▸ DATA RECORDS
=======

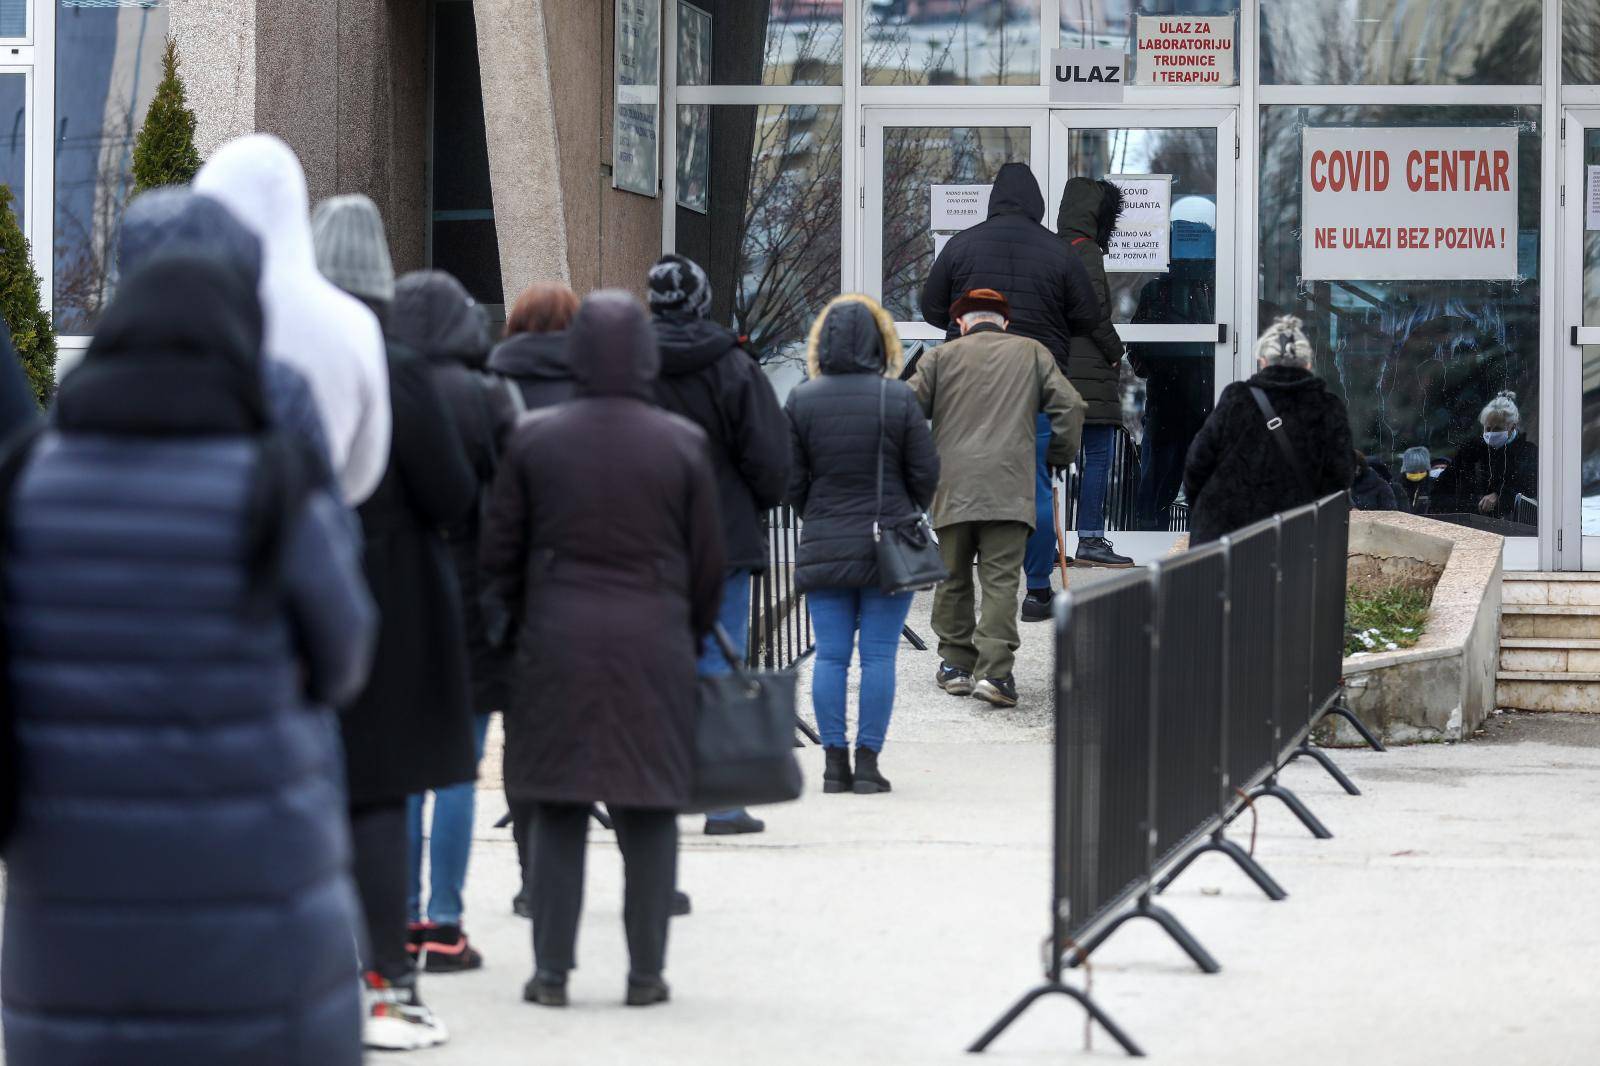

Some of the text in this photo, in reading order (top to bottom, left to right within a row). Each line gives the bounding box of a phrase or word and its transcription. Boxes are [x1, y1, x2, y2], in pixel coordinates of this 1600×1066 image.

[1159, 22, 1211, 34] ULAZ ZA
[1138, 38, 1231, 50] LABORATORIJU
[1153, 55, 1216, 66] TRUDNICE
[1055, 65, 1120, 83] ULAZ
[1152, 71, 1220, 82] I TERAPIJU
[1310, 149, 1510, 192] COVID CENTAR
[1314, 227, 1505, 249] NE ULAZI BEZ POZIVA !

=======

Restate all of the material above word for word, excluding the pictures.

▸ RESPONSE FOR THIS EXERCISE
Some of the text in this photo, in reading order (top to bottom, left to right within a row). Each line gives the bounding box of a phrase or word and its transcription. Boxes are [x1, y1, x2, y2], in pixel coordinates of this 1600×1066 image.

[1159, 22, 1211, 34] ULAZ ZA
[1138, 38, 1231, 50] LABORATORIJU
[1153, 55, 1216, 66] TRUDNICE
[1055, 65, 1120, 83] ULAZ
[1152, 71, 1220, 82] I TERAPIJU
[1310, 149, 1510, 192] COVID CENTAR
[1314, 227, 1505, 249] NE ULAZI BEZ POZIVA !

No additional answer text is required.